BEGIN Provided records

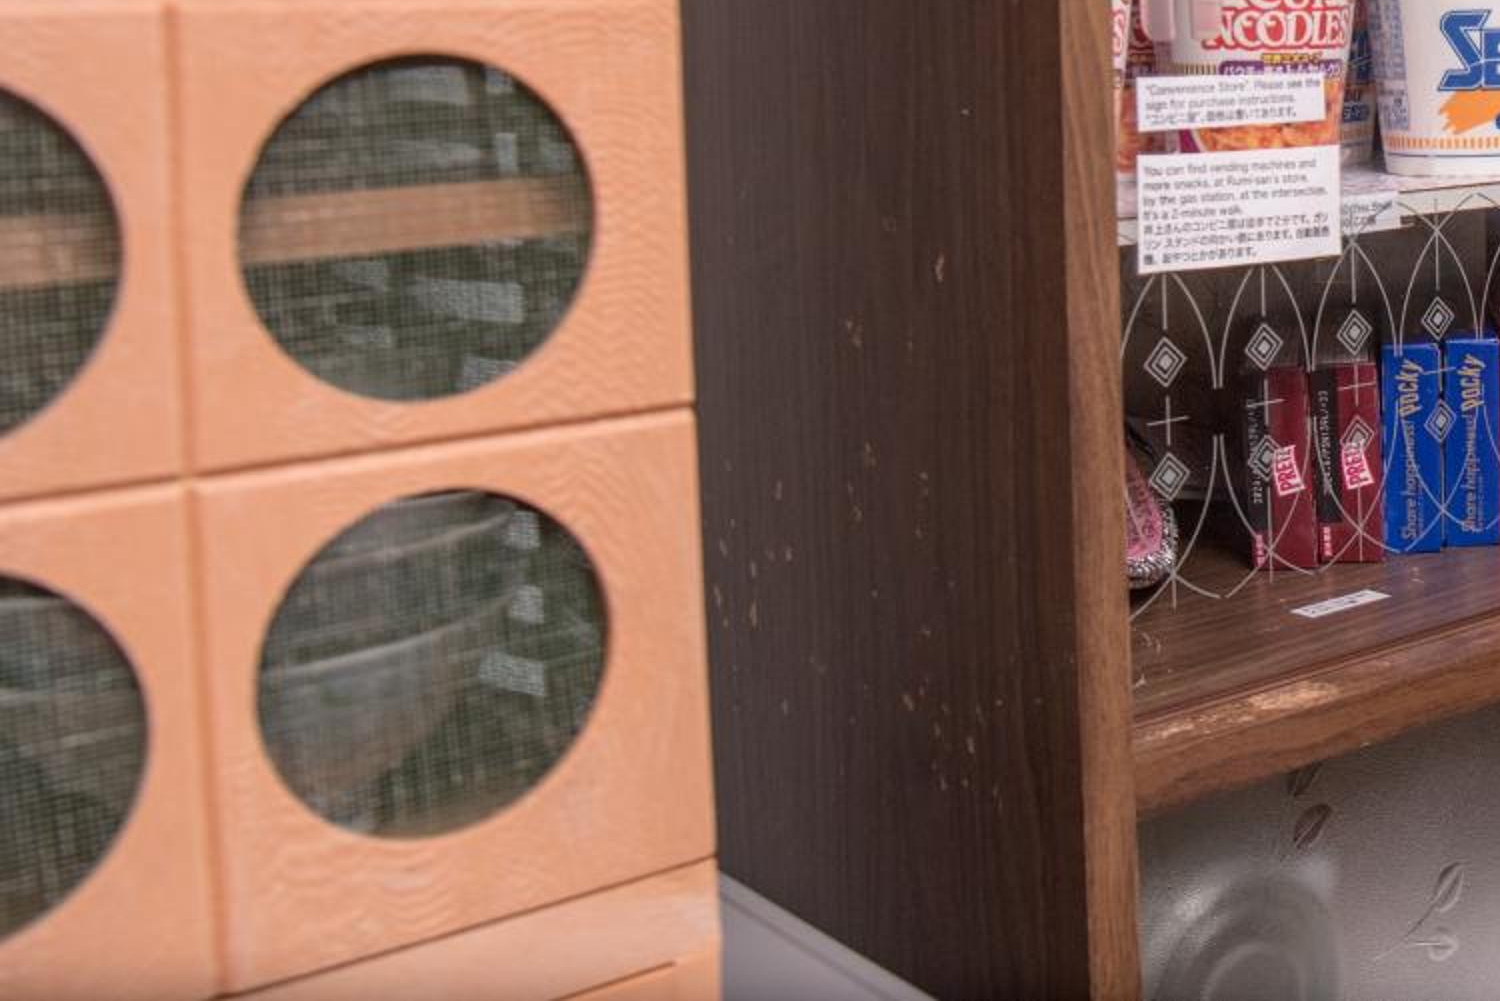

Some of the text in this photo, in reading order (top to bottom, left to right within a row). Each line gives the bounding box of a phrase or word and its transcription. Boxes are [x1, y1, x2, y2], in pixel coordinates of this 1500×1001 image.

END Provided records
BEGIN Provided records

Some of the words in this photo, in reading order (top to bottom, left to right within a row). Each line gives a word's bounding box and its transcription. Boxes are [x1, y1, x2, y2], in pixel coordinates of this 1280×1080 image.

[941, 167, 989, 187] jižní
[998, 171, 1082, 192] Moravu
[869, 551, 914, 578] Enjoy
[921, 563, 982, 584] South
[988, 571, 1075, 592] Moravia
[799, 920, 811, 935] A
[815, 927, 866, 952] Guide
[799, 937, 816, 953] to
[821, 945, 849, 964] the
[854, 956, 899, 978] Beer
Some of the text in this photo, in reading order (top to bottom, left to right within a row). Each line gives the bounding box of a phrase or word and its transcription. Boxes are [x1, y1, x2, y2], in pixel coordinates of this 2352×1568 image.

END Provided records
BEGIN Provided records

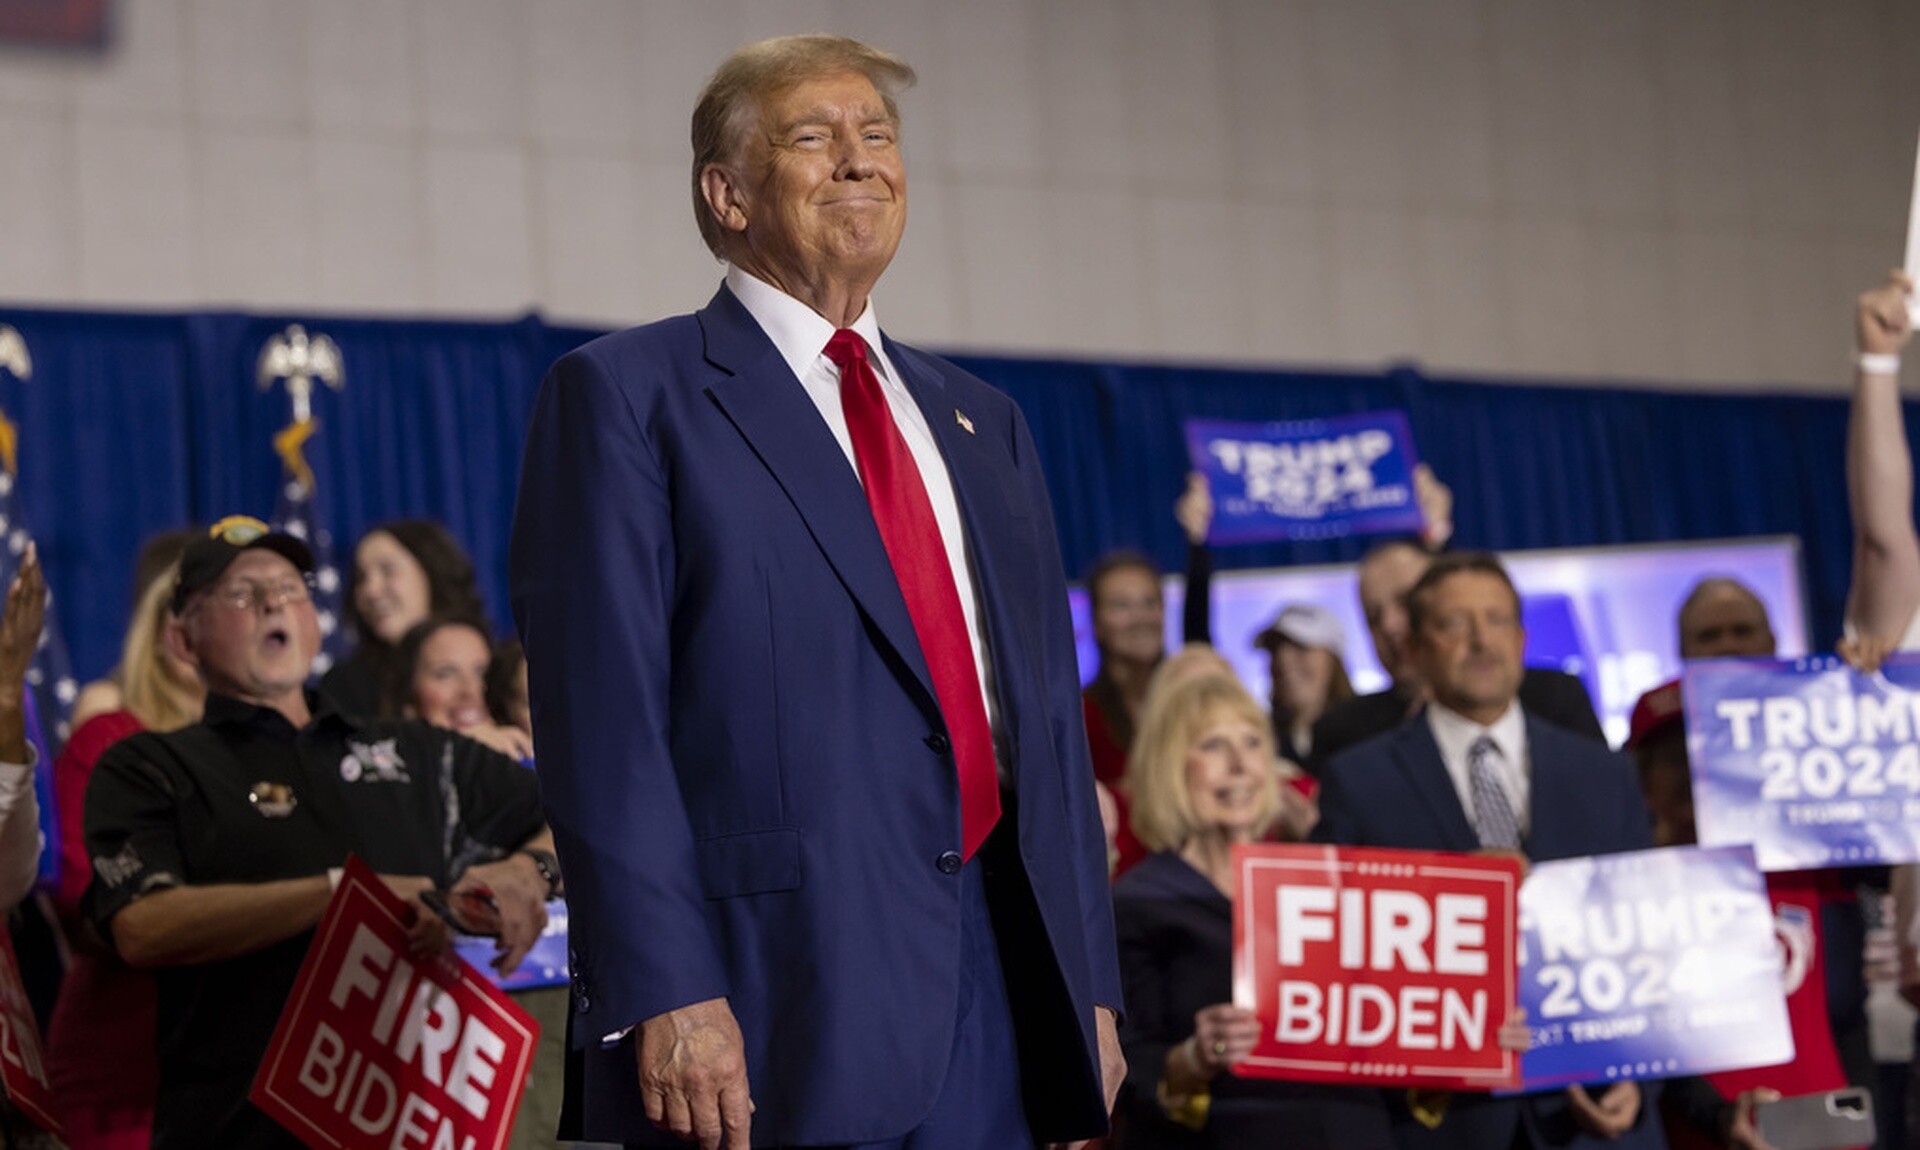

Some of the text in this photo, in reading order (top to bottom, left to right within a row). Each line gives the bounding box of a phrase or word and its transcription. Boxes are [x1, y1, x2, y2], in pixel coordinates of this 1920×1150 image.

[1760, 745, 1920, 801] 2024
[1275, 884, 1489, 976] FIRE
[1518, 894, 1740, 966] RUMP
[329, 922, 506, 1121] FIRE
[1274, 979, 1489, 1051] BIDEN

END Provided records

What to work on —
Going back over the entries above, copy word for word every line from the one that has "Some of the words" on through the one that has "this 2352×1568 image.".

Solution for this exercise —
Some of the words in this photo, in reading order (top to bottom, left to right within a row). Each line gives a word's bounding box and its transcription. Boxes are [x1, y1, x2, y2], in pixel coordinates of this 1280×1080 image.

[941, 167, 989, 187] jižní
[998, 171, 1082, 192] Moravu
[869, 551, 914, 578] Enjoy
[921, 563, 982, 584] South
[988, 571, 1075, 592] Moravia
[799, 920, 811, 935] A
[815, 927, 866, 952] Guide
[799, 937, 816, 953] to
[821, 945, 849, 964] the
[854, 956, 899, 978] Beer
Some of the text in this photo, in reading order (top to bottom, left to right within a row). Each line gives the bounding box of a phrase or word and its transcription. Boxes are [x1, y1, x2, y2], in pixel coordinates of this 2352×1568 image.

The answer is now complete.